Consider the two-player game that consists of a single bowl of $n$ marbles. The players alternate turns. During each turn, a player can remove $2^k$ marbles, for any $k \ge 0$ of his or her choice. The winner is the person who removes the last marble. Determine all $n \ge 0$ for which the first player wins, supposing both players use optimal strategies.
Here is what I have done so far: n=1 is a winner. n=5 is a winner.
This is a problem I am doing for fun, it would not harm me to show me the answer and work
You can try and think about this problem inductively. Note that every single position is either a winning position or a losing position assuming both players play the optimal strategy.

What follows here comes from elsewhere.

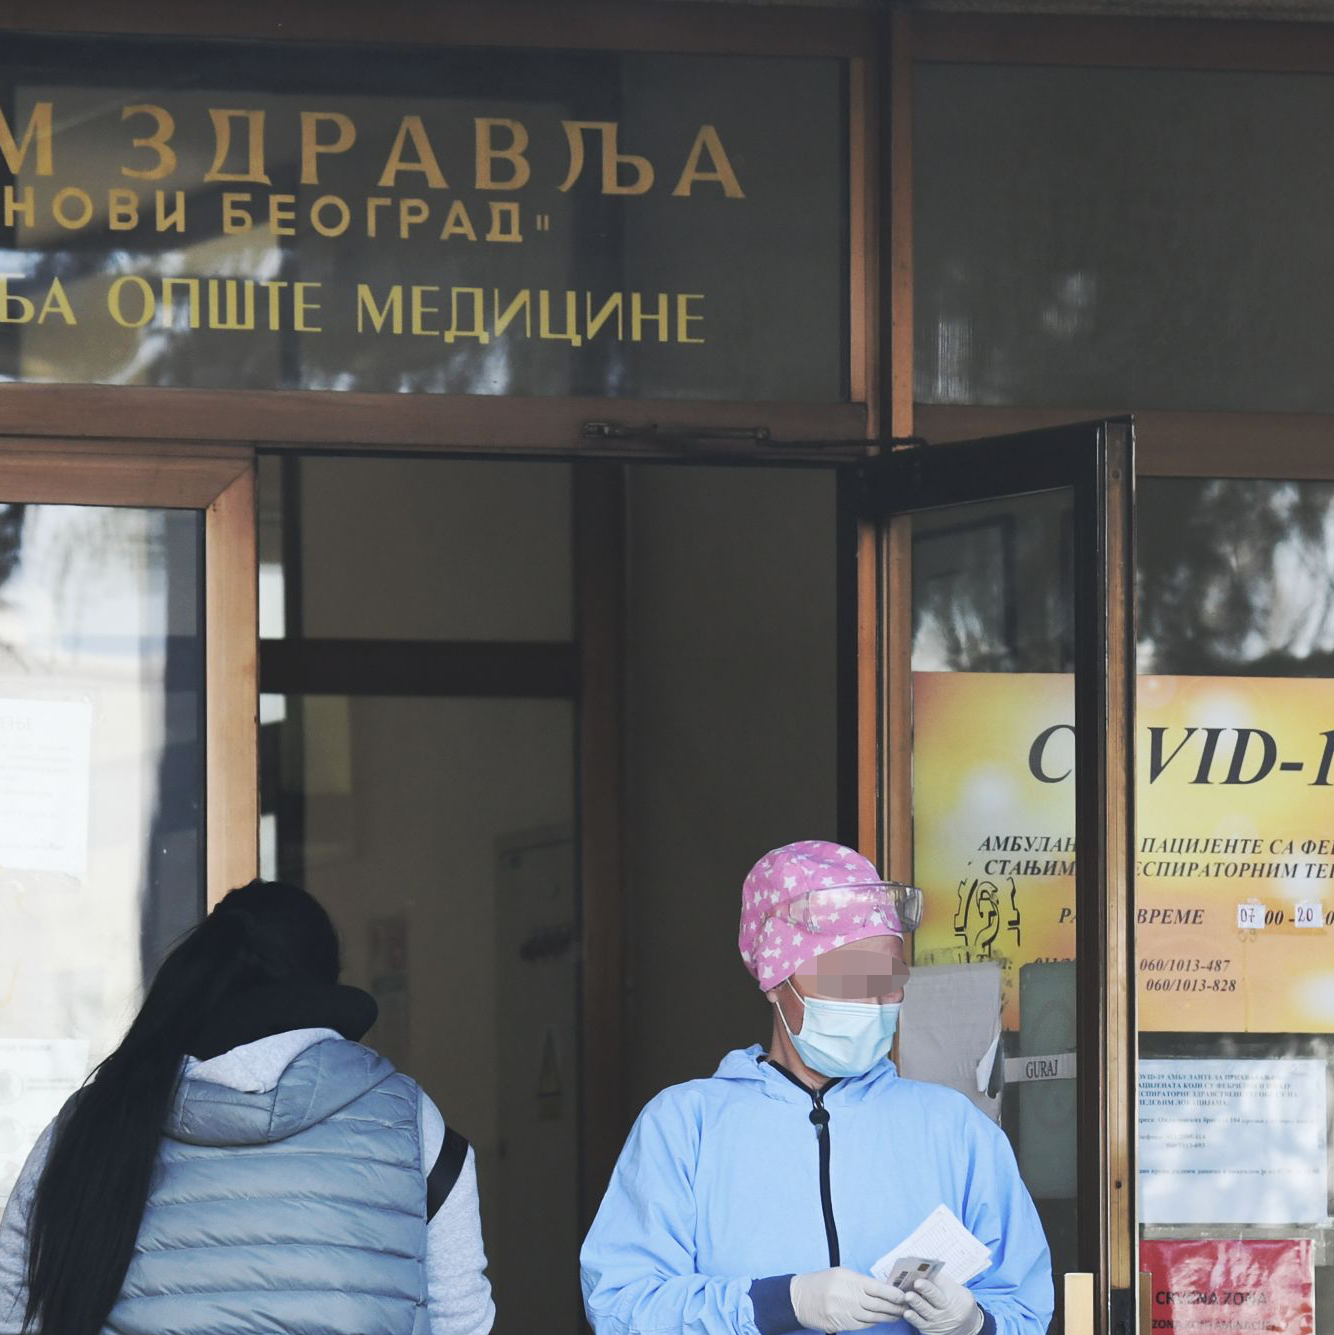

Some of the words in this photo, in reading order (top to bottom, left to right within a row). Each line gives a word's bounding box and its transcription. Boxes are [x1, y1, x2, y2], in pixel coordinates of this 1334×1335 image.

Furthermore, a position is winning if and only if you can put your opponent in a losing position by taking out $2^k$ marbles for some $k \geq 0$. Using this idea:
1 is winning because player one can simply take all the marbles
2 is winning for the same reason
3 is losing because player one can only put player two in a winning position
4 is winning
5 is winning because player one can take 2 marbles and put player two in a losing position (3)
Now we can continue this process for each $n$: $n$ is winning if and only if $n$ is a power of 2 or $n$ is $2^k$ more than one of the previous losing positions for some $k \geq 0$.
(Though this idea is assuming every position is either winning or losing, which probably requires more thought.)